What is required -> What is needed is an exact copy of the entries below, with every picture left out.
== Segment start ==
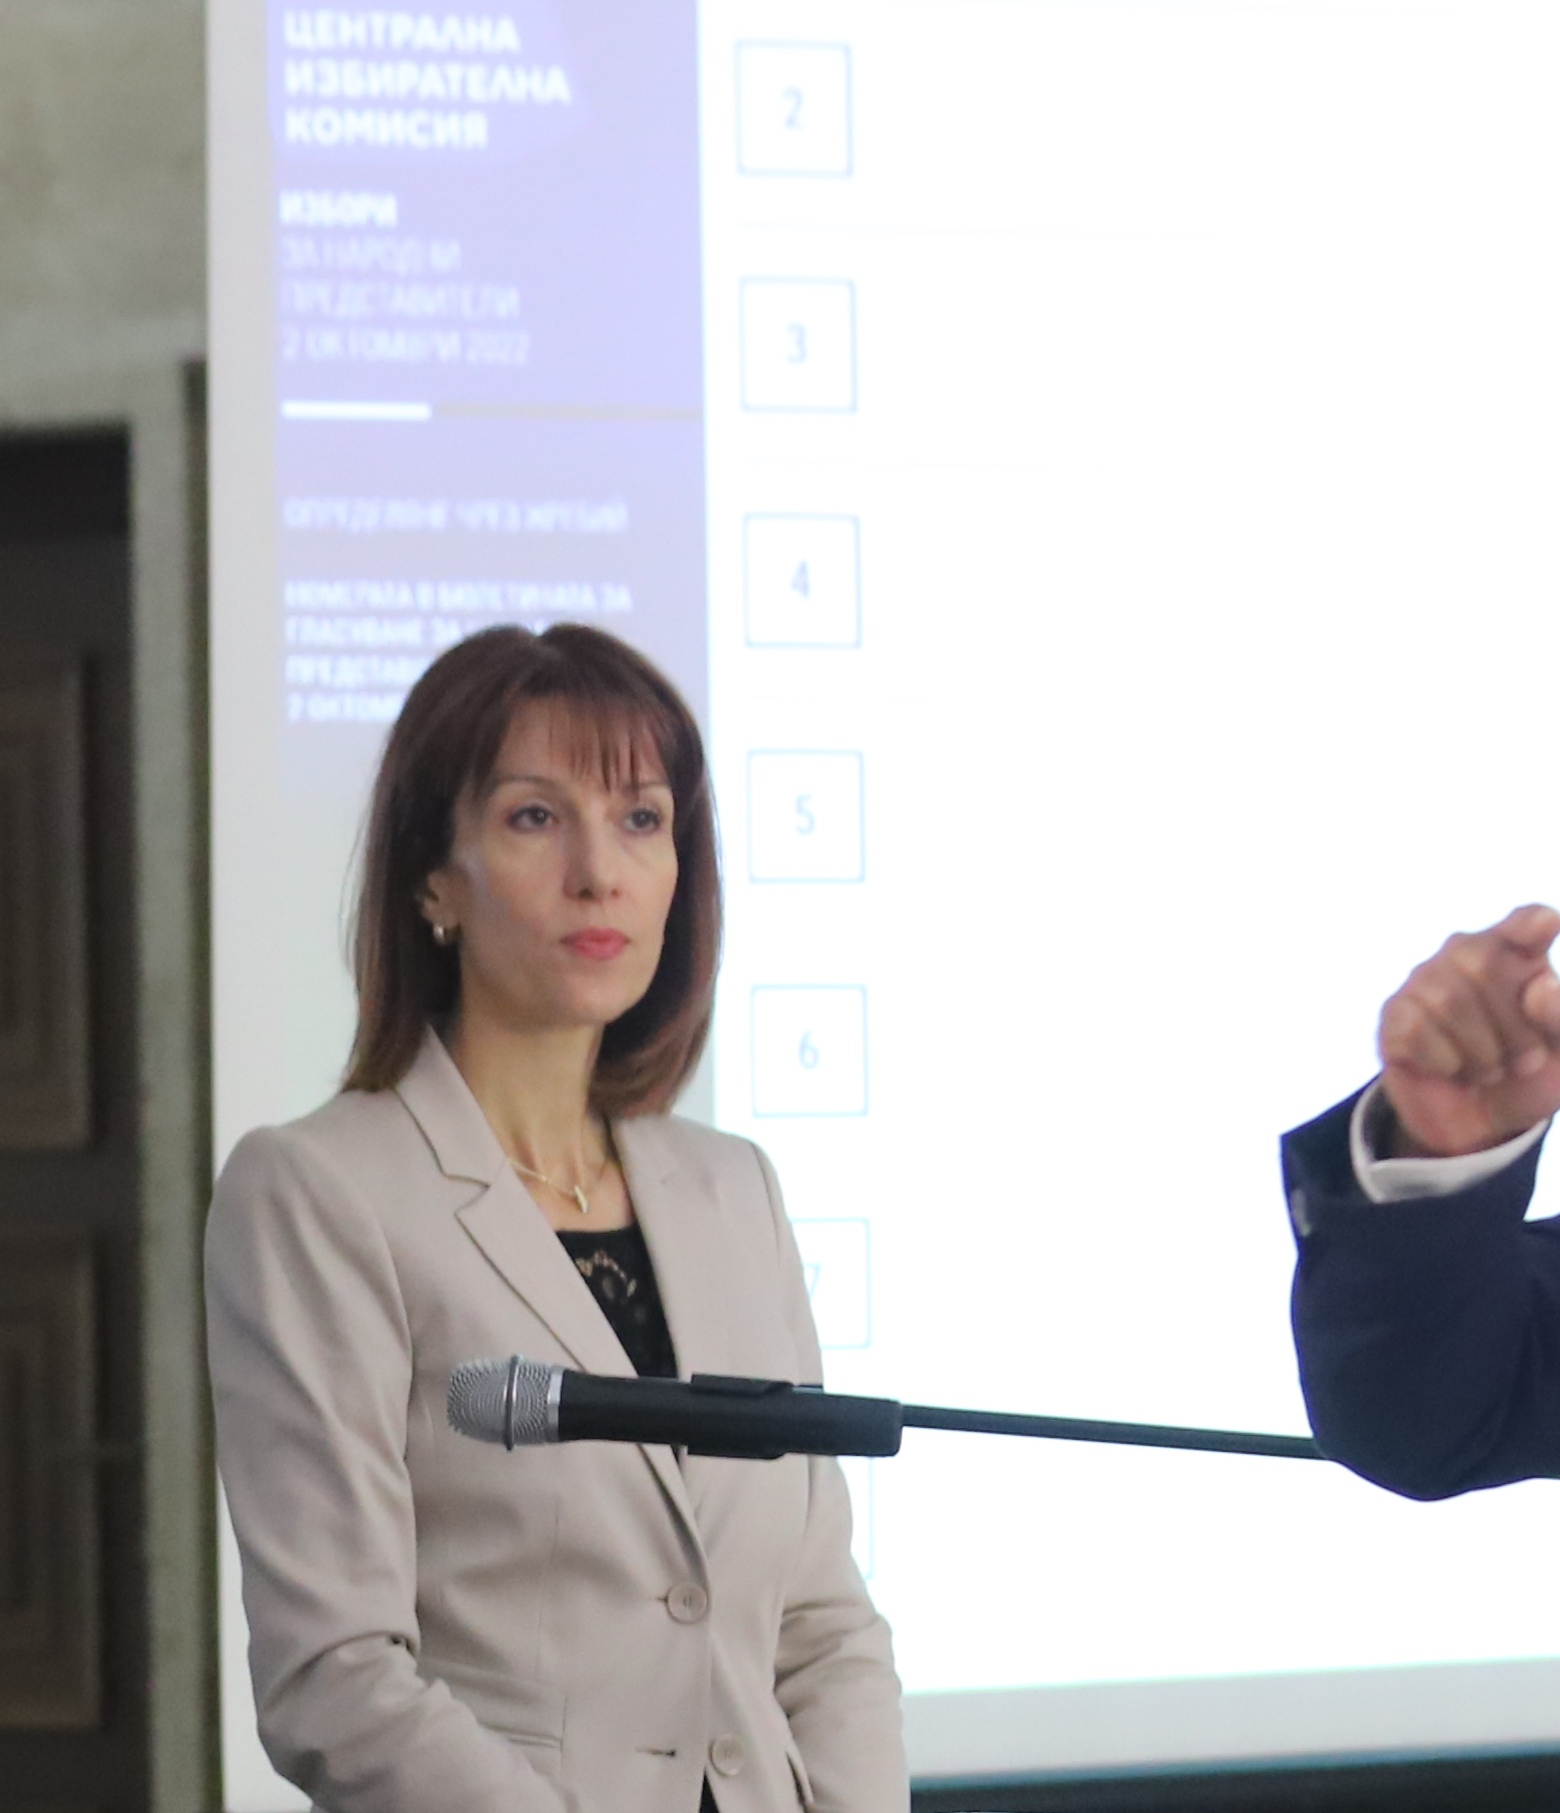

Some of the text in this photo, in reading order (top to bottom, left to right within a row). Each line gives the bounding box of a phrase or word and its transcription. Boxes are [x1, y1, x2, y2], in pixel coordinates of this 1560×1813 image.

[283, 10, 521, 53] ЦЕНТРАЛНА
[283, 58, 571, 104] ИЗБИРАТЕЛНА
[284, 107, 489, 150] КОМИСИЯ
[782, 85, 804, 130] 2
[786, 322, 808, 365] 3
[790, 558, 812, 599] 4
[795, 793, 816, 835] 5
[798, 1029, 820, 1070] 6
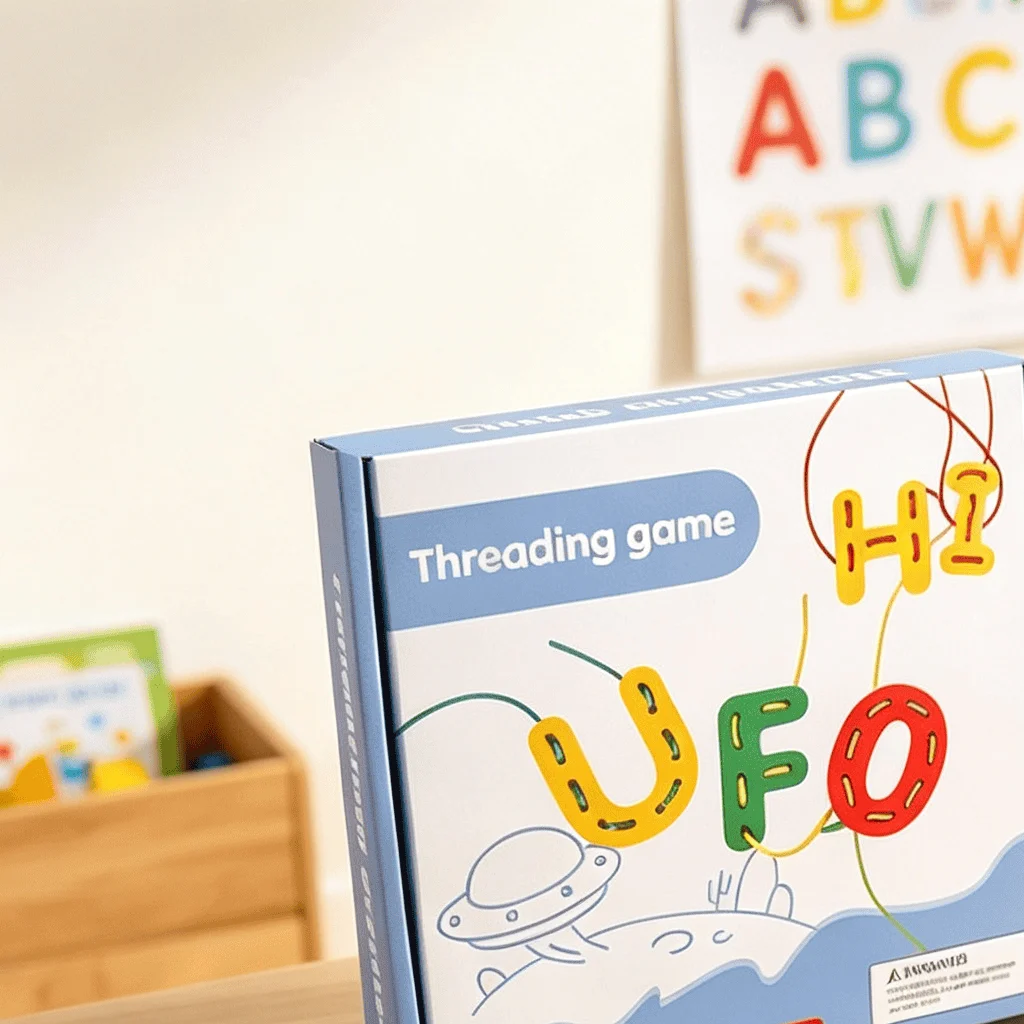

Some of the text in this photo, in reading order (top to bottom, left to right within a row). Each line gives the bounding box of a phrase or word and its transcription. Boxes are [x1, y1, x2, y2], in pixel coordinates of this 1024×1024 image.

[409, 510, 736, 583] Threading game
[832, 461, 1004, 606] HI
[527, 666, 949, 852] UFO
== Segment end ==
Answer box ->
Some of the text in this photo, in reading order (top to bottom, left to right within a row). Each line gives the bounding box of a phrase or word and its transcription. Boxes are [x1, y1, x2, y2], in pixel coordinates of this 1560×1813 image.

[283, 10, 521, 53] ЦЕНТРАЛНА
[283, 58, 571, 104] ИЗБИРАТЕЛНА
[284, 107, 489, 150] КОМИСИЯ
[782, 85, 804, 130] 2
[786, 322, 808, 365] 3
[790, 558, 812, 599] 4
[795, 793, 816, 835] 5
[798, 1029, 820, 1070] 6

Some of the text in this photo, in reading order (top to bottom, left to right within a row). Each line gives the bounding box of a phrase or word and its transcription. Boxes are [x1, y1, x2, y2], in pixel coordinates of this 1024×1024 image.

[409, 510, 736, 583] Threading game
[832, 461, 1004, 606] HI
[527, 666, 949, 852] UFO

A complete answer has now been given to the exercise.